The Kennedy Center invites all children, parents, and educators to the fifteenth anniversary year of the annual free Multicultural Children's Book Festival and to celebrate Family Literacy Day on Saturday, September 11, from 12 p.m. - 6 p.m. on the Roof Level of the Kennedy Center. Books come to life in this afternoon-long series of readings by authors and illustrators; book signings; and other interactive performances and events.

The festival is a project of the Kennedy Center Education Department. The event attracts more than 7,000 people who are able to find many new volumes for their school and family libraries among the hundreds of collected and displayed books. More than 400 titles and multiple copies of story books, picture books, fairy tales, biographies, historical perspectives, novels, specialty books written for toddlers through teens, and a special selection of performing arts books will be available for purchase.

The subjects of these books are the lives, cultures, and stories of African, African American, Asian, Arab, Caribbean, Latino, and Native American peoples. A portion of the book sale proceeds will benefit the Kennedy Center education programs.


History of the Kennedy Center Multicultural Children's Book Festival

In 1996, the Kennedy Center Multicultural Children's Book Festival began as a collaboration between the Kennedy Center and Toni Trent Parker, president and co-founder of the children's book service Black Books Galore! (BBG!) who later launched Kids Cultural Books (KCB), a non-profit organization, in 1998. The original book service began 15 years ago when three African American mothers who were frustrated by the lack of children's books featuring African American themes, came together to create BBG! The company has been recognized as Parenting Leaders in Parenting Magazine (March 1998) and has been featured in articles in the New York Times and American Visions, among others, as well as on television and radio. Now produced by the Kennedy Center, the book festival has grown to include books and authors representing a wide array of cultures and experiences. Each year, thousands and thousands of young people and their parents have the opportunity to attend readings by leading authors and performances by arts organizations, and peruse hundreds and hundreds of books that reflect various cultures and themes from throughout the world. Since its inception, the festival has brought dozens of renowned authors, illustrators, and special guests to the Kennedy Center, including Pat Cummings, Nikki Giovanni, Nikki Grimes, Karen Katz, E.B. Lewis, Cedella Marley, Walter Dean Myers, Alma Powell, Laurence Yep, Spike Lee, and more. Being situated in Washington, DC, the festival has been a showcase for the abundance of local talent and creativity with Jabari Asim, Lulu Delacre, Edwin Fontánez, Eloise Greenfield, and others making regular appearances. In addition, the festival enjoys the continued support of the Community Advisory Board of the Kennedy Center which has served as advocate for the project in the local diverse communities. By supporting this book festival that represents many cultures in children's literature, the festival remains committed to the vision and spirit of its-cofounder Toni Trent Parker. Upon the festival's 10th anniversary, the reading series was named the Toni Trent Parker Reading Series in Parker's memory and in honor of her dedication to literacy and education.

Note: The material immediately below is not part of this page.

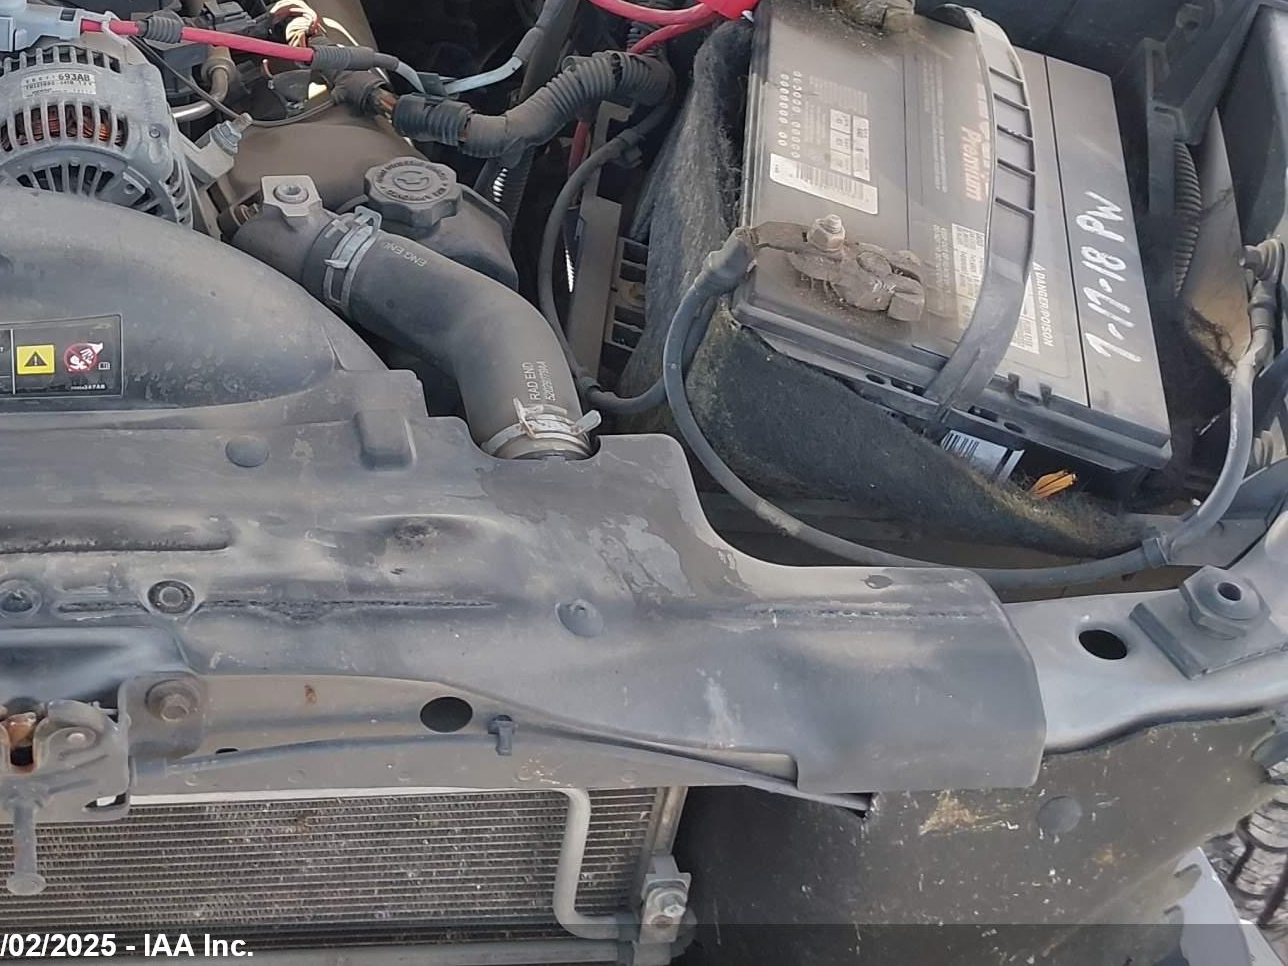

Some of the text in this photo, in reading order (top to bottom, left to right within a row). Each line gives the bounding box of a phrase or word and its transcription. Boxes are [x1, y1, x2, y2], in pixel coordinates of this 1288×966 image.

About Toni Trent Parker (1947-2005)

Black Books Galore! and Kids Cultural Books founder Toni Trent Parker was a pivotal figure in the world of children's literature. Her 1998 paperback, Black Books Galore! Guide to Great African American Children's Books (John Wiley & Sons), is a comprehensive guide for parents and educators. Featuring annotations on 500 books and references to more than 200 others, it was the most complete in the field. Also in 1998, Parker launched Kids Cultural Books, a non-profit organization created to organize African American and Multicultural Children's Book Festivals with the purpose of promoting literacy, encouraging reading, and providing communities with the rich resources of African American and other ethnic children's literature. Through the book festivals, produced in cities around the country, Kids Cultural Books has reached thousands, introducing them to countless books and to those who create them. Parker's other titles include three more in the Black Books Galore! series: …Guide to Great African American Children's Books About Boys (2000), …Books About Girls (2000), and …More Great African American Children's Books (2001). Hugs and Hearts, Painted Eggs and Chocolate Bunnies, Sweets and Treats; Snowflake Kisses and Gingerbread Smiles, and Being Me: A Keepsake Scrapbook for African American Girls were all published in 2002. Her last book, Sienna's Scrapbook: Our African American Heritage Trip, was released in September 2005 by Chronicle Books.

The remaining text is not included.